Non-immersive VR turns rehabilitation into an engaging activity by simulating real-world scenarios. It incorporates virtual obstacle negotiation (puddles, hurdles) and dual-tasking demands. This addresses the cognitive deficits—such as attention and planning—often responsible for falls in complex environments.

Does the addition of a virtual reality (VR) component to Perturbation Reactive Balance Training (PRBT) improve the effectiveness of fall prevention in high-risk older adults, compared to Perturbation Reactive Balance Training alone?

Primary Research Question

Study Design: Prospective Single-Blinded RCT

Intervention Group (Combined): 18 sessions combining PBBT (reactive perturbations) + VR (cognitive challenges). Targets reactive stepping, stability, and executive function.

Control Group (PBBT Only): 18 sessions of Perturbation Balance Training alone. Targets reactive balance responses and postural stability.

Protocol: 6 weeks, 3 sessions/week, ~30 mins per session. Includes warm-up, training proper, and cool-down.

Safety: All participants wear a safety harness connected to an overhead suspension system to prevent falls without body-weight support.

Target Population: High-Risk Older Adults

Inclusion Criteria: • Age 60–90 years • History of 2 or more falls in the last 6 months • Ability to walk for 5 minutes unassisted • MMSE Score > 21 (no severe cognitive impairment)

Exclusion Criteria: • Major psychiatric comorbidity or history of stroke/TBI • Acute pain or orthopedic diseases interfering with walking • Inability to comply with protocol

Evidence for Efficacy (Previous Studies)

Data from Mirelman et al. (Lancet 2016) and meta-analyses.

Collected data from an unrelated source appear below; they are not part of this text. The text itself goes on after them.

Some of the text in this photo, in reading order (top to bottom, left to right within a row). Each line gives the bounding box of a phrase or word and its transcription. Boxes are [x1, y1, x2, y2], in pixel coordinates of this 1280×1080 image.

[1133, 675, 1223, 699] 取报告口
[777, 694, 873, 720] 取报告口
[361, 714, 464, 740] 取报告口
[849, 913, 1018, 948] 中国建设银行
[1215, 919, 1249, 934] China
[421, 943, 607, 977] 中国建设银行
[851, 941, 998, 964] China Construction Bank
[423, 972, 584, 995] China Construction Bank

Both individual interventions are highly effective. RBT reduces fall rates by 40-46%, and VR-TT by up to 50%. The current study aims to combine these for maximum prevention.

Outcome Measures

PRIMARY OUTCOME: Incident Rate of Falls (IRR): Total number of falls recorded prospectively via fall calendar/app during the 6 months following training.

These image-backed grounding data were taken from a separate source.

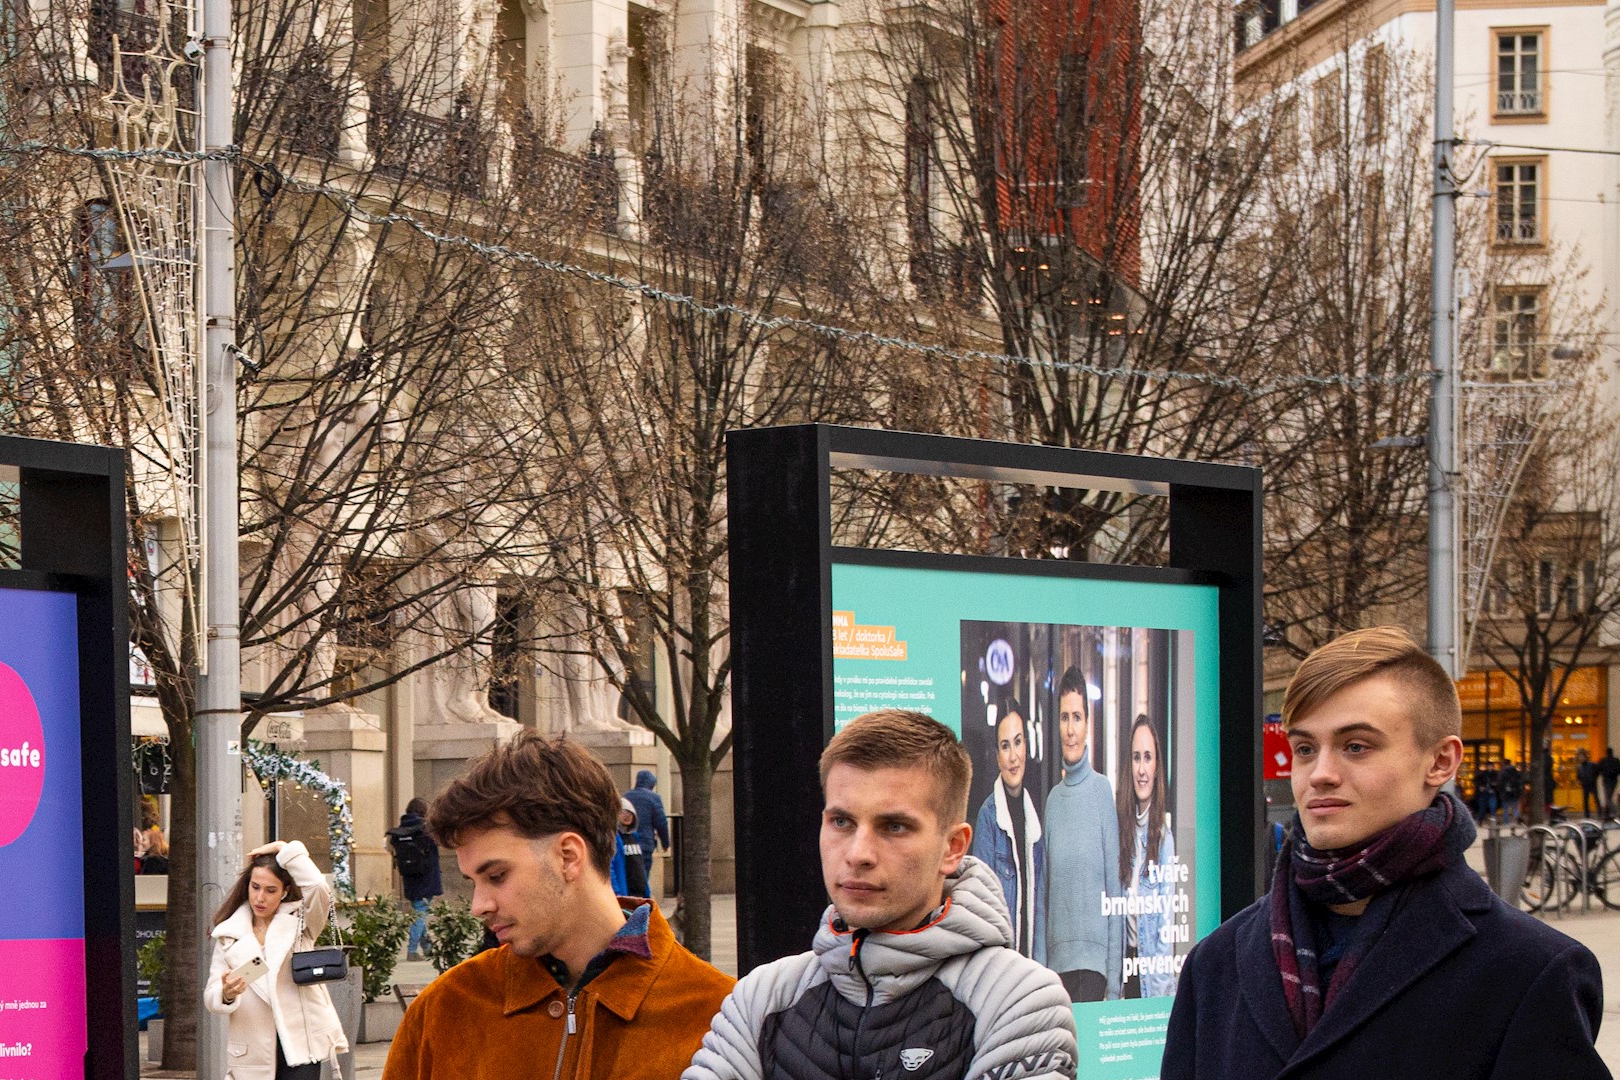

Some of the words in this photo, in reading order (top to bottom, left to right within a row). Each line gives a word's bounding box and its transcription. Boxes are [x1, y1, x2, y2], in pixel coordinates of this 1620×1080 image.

[856, 630, 886, 643] doktorka
[871, 646, 904, 659] SpoluSafe
[1147, 857, 1189, 882] tváře
[1100, 889, 1189, 919] brněnských
[1159, 914, 1189, 944] dnů

SECONDARY (Balance & Mobility): • Mini-BESTest (Dynamic Balance) • SPPB (Physical Performance Battery) • Voluntary Step Execution Times (VSET)

SECONDARY (Cognitive & Gait): • Gait Variability during obstacle negotiation • Trail Making Test Part B (Executive Function) • Falls Efficacy Scale-International (FES-I)

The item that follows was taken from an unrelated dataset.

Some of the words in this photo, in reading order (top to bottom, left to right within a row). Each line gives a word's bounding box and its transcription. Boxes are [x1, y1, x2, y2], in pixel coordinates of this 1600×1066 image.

Clinical Significance: A Synergistic Approach

This study addresses the multifactorial etiology of falls. About 50% of falls are accidental (slips/trips), while others stem from cognitive errors. By combining PBBT (reactive capability) with VR (cognitive processing), we target the full spectrum of fall mechanisms. Positive results could establish a new, robust standard for fall prevention in geriatric rehabilitation.